There are some applicable thoughts for dads, but first, a few disclaimers:
– First, while there’s a lot of truth in these that our kids need to hear, the preachy attitude that’s behind many of them is not the best. There’s a lecturing tone that will probably turn kids off instead of enlightening them. We have to show our children respect, even while we’re bringing some truth into their lives.
– Also, let’s not sell our children’s teachers and administrators short. They do a difficult job, and many of them are passing on these kinds of lessons when they have the opportunity.
Boy Sawing Piece of Wood in Half with His FatherNow, the main reason for bringing these up is to remind all dads of their important role as their children’s educators, and this is education in a broader sense.

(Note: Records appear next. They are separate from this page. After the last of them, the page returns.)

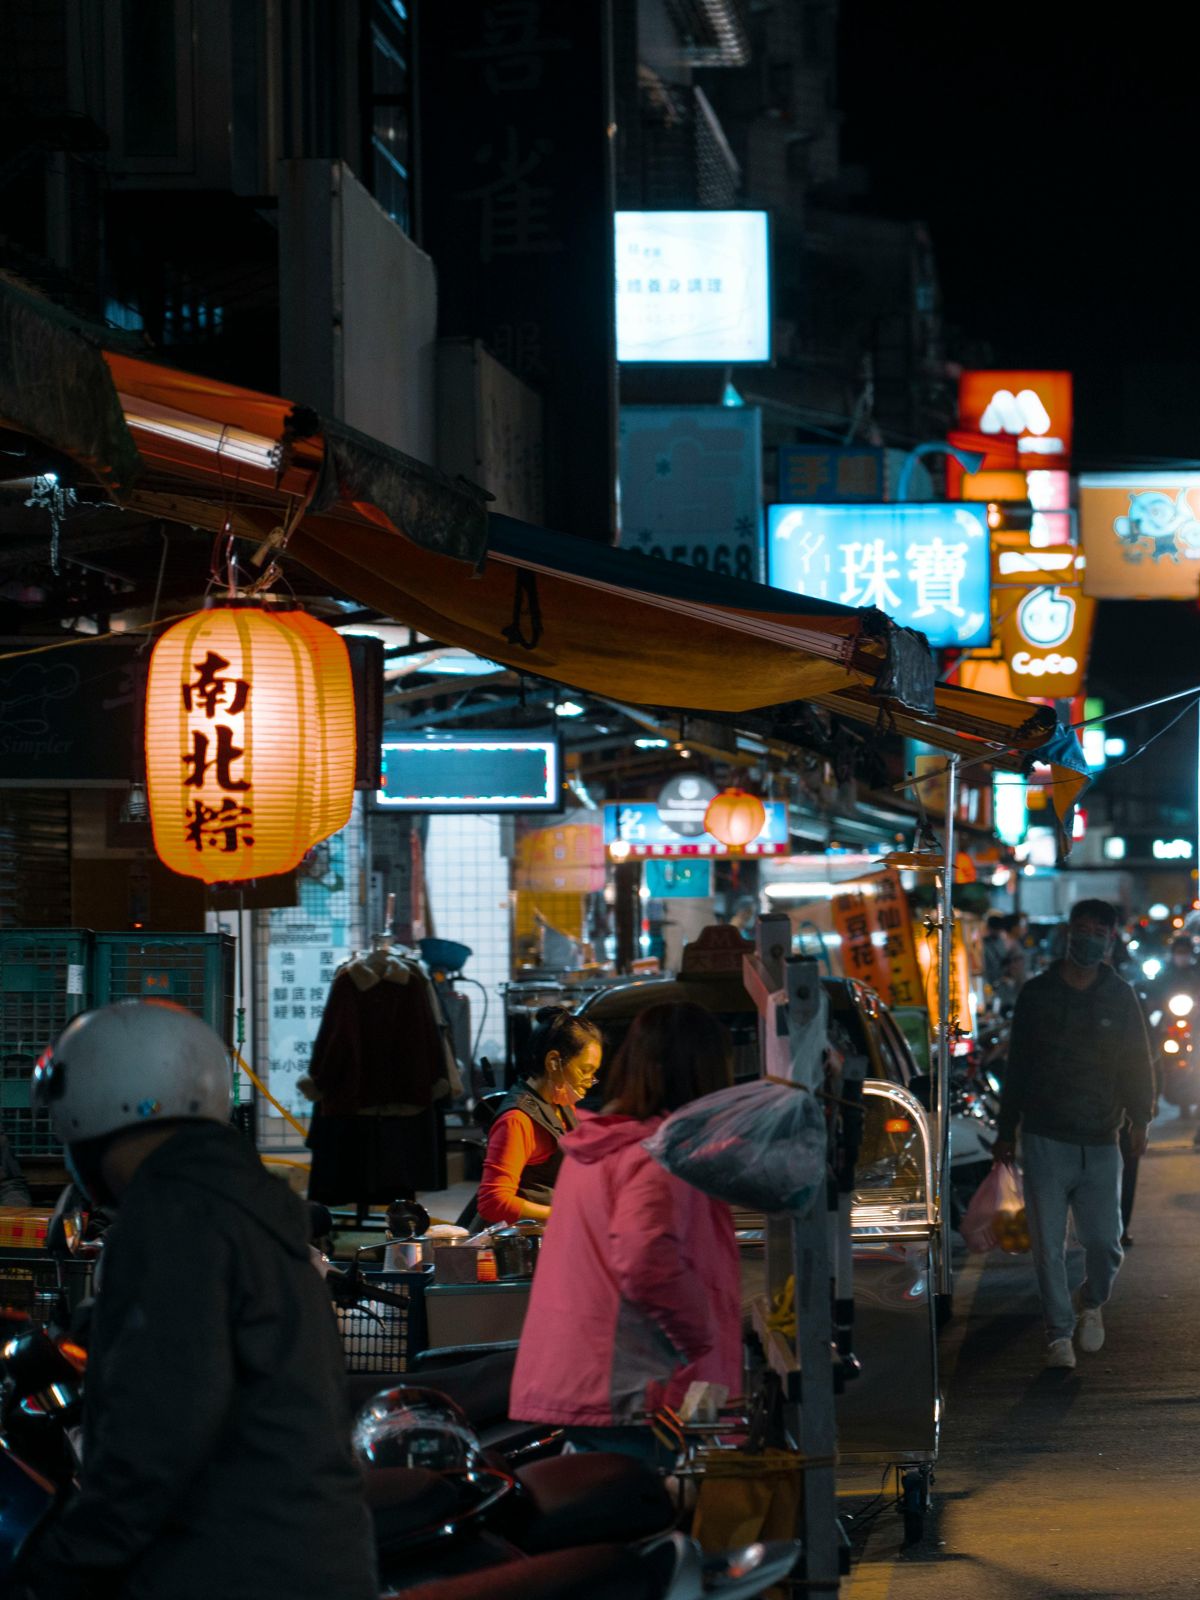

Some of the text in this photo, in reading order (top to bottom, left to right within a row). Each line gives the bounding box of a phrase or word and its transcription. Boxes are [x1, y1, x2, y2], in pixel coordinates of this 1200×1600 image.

[837, 536, 970, 618] 珠寶
[182, 651, 255, 852] 南北粽
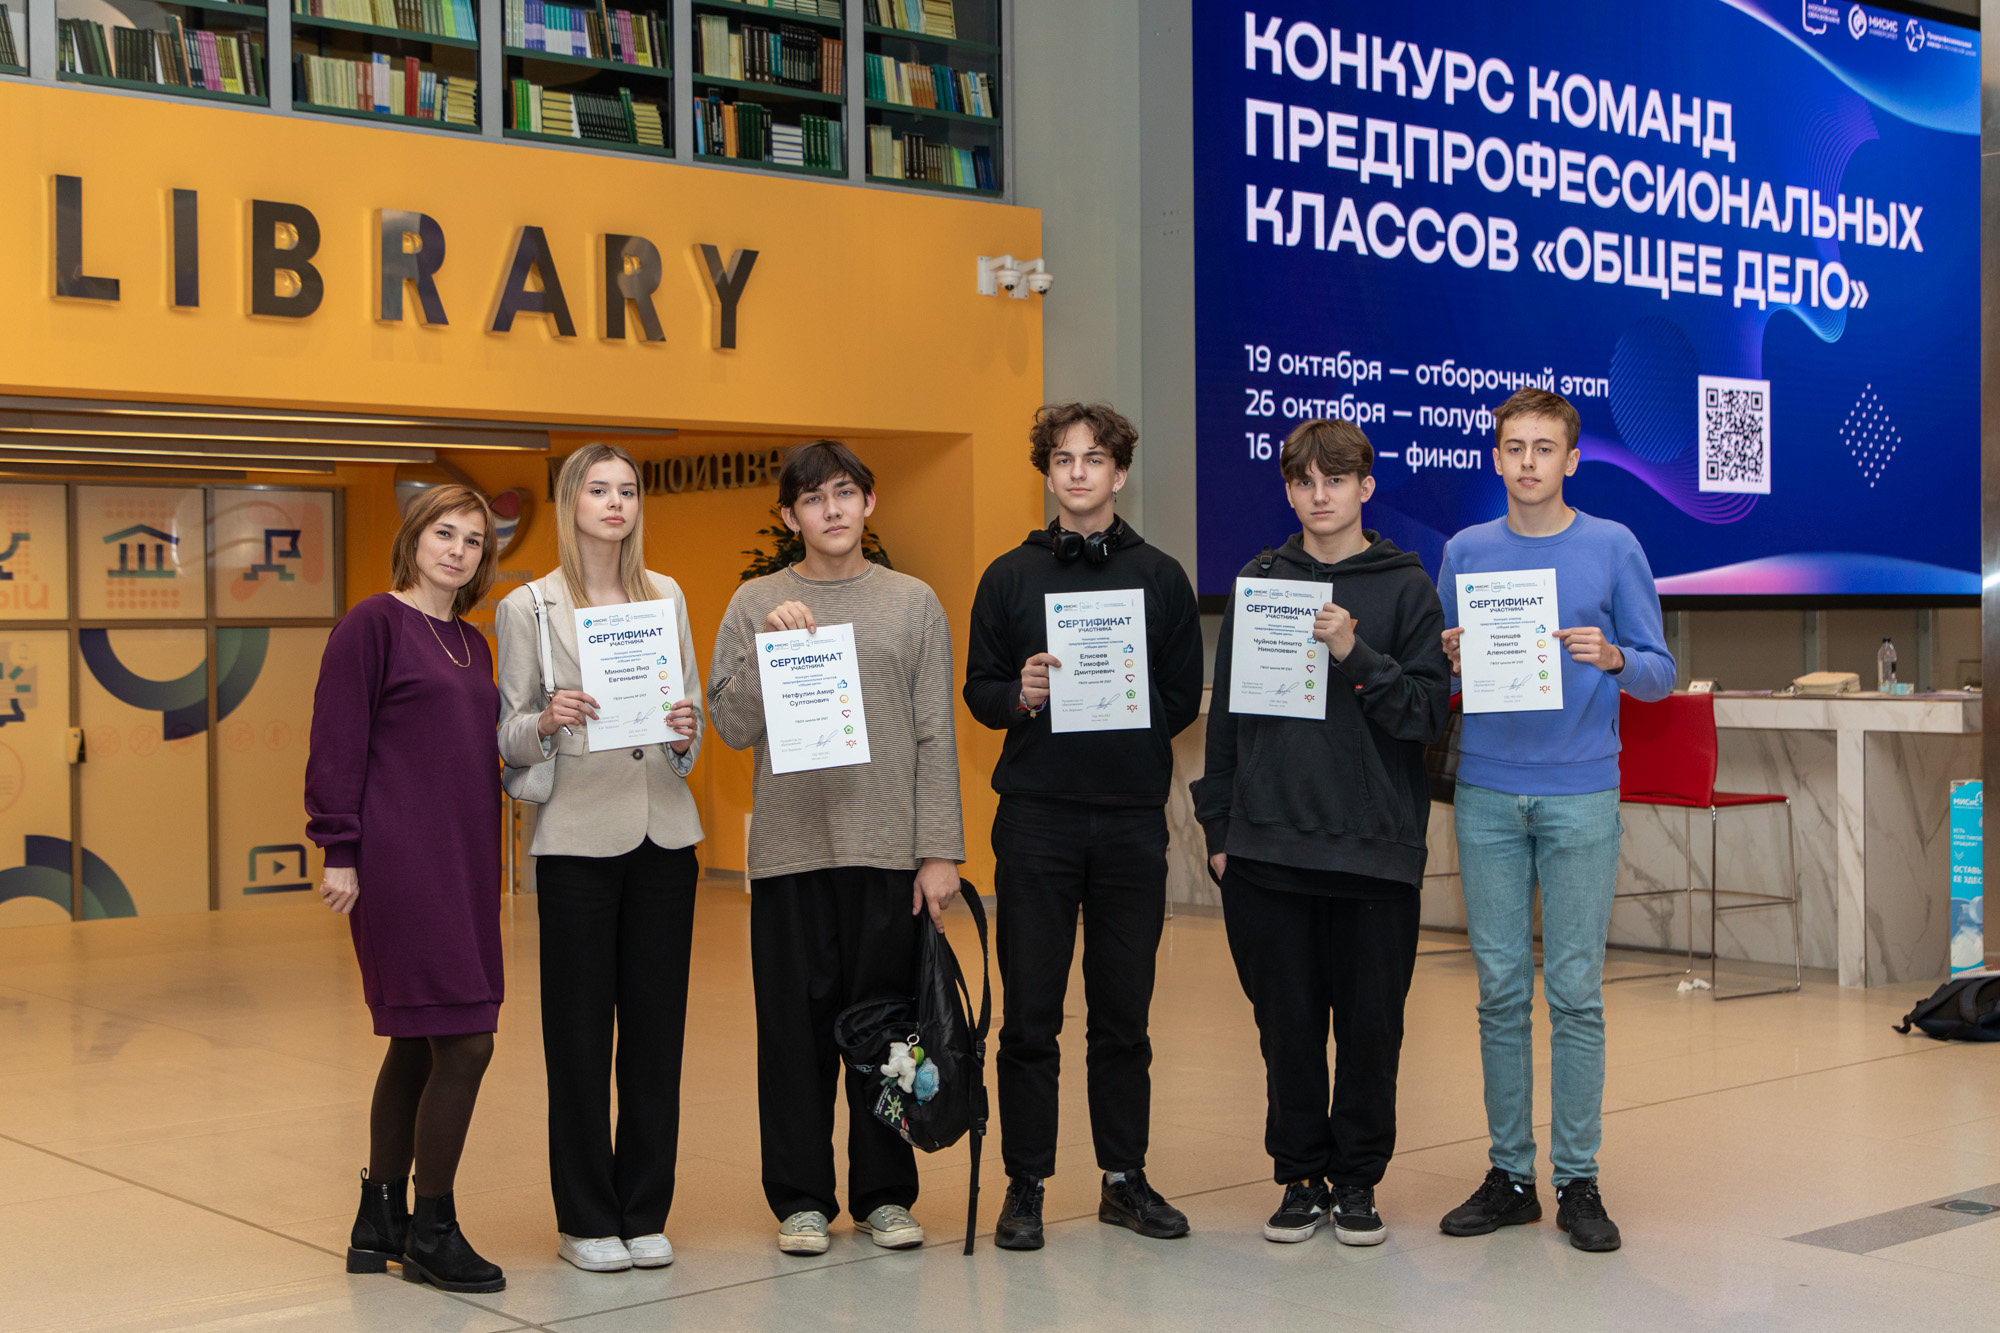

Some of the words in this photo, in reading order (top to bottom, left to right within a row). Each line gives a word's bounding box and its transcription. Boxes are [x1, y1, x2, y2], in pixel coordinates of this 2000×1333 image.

[1868, 15, 1899, 33] МИСИС
[1245, 11, 1515, 114] КОНКУРС
[1528, 65, 1736, 163] КОМАНД
[1245, 97, 1924, 253] ПРЕДПРОФЕССИОНАЛЬНЫХ
[1245, 184, 1519, 272] КЛАССОВ
[1531, 226, 1724, 300] «ОБЩЕЕ
[1733, 249, 1870, 311] ДЕЛО»
[50, 173, 760, 351] LIBRARY
[1244, 344, 1272, 372] 19
[1278, 350, 1382, 387] октября
[1415, 359, 1555, 396] отборочный
[1560, 374, 1609, 399] этап
[1245, 388, 1276, 417] 26
[1282, 393, 1386, 428] октября
[1419, 403, 1497, 436] полуф
[1245, 432, 1273, 460] 16
[1406, 440, 1482, 474] финал
[1470, 597, 1544, 608] СЕРТИФИКАТ
[1246, 604, 1318, 616] СЕРТИФИКАТ
[1058, 617, 1131, 628] СЕРТИФИКАТ
[589, 628, 663, 644] СЕРТИФИКАТ
[610, 639, 644, 647] УЧАСТНИКА
[770, 652, 843, 668] СЕРТИФИКАТ
[791, 663, 824, 671] УЧАСТНИКА
[609, 674, 647, 683] Евгеньевна
[816, 688, 834, 696] Амир
[790, 698, 829, 707] Султанович
[1953, 865, 1982, 875] ОСТАВЬ
[1953, 875, 1963, 884] ЕЕ

As we all adjust our routines to the new school year, be sure to get involved in homework and school functions. But also recommit yourself to being a life educator for your children.
Whether they attend private or public school, whether they’re in a special needs class or an advanced program, in kindergarten or college, your children’s education needs extend much further than the formal classroom environment. You can help them to become “students of life.”
Expand the educating of your children to include lifestyle, character, manners, morality, and virtue, as well as skills they will need for life. Some of that might happen at school, but it isn’t the school’s job. It’s our unique privilege and responsibility as fathers.
And it all starts with being engaged in our children’s lives, so we’re there to comment on everyday events and issues, take advantage of the teachable moments that come along, and teach skills that go way beyond book learning. We’re can pass on street-smart life lessons and everyday skills they will need, like how to deal with adversity, how to reconcile differences with siblings and friends, how to budget their money, how to change a flat tire, and so on.
So, add some rules of your own. You probably don’t need to come off preachy like some of these rules do, but there are things you’ve learned that you can and should be passing along. Maybe you can call them “Dad’s lessons for life.”
What wisdom have you gained about passing on life lessons to your children? Please share your ideas below or at our Facebook page.
Action Points for dads involved in educating their children:

  • Discuss expectations for the new school year. Decide together what’s reasonable to expect with regard to A’s and B’s, but also what they learn and achieve, relationships, clubs and sports, etc.
  • Put school events and deadlines on your calendar so you can stay in touch and offer encouragement.
  • Especially for non-custodial dads, get to know your child’s teachers, coaches, dance instructors, and so on, and work out a system to help you stay informed and involved.
  • Keep your eyes open for jokes, news items, videos, anything your child might find interesting, and regularly text, email, or mail them to your child and ask, “What do you think?” Then follow up and discuss it later.
  • Get a copy of a book your child is assigned to read, and read it at the same time.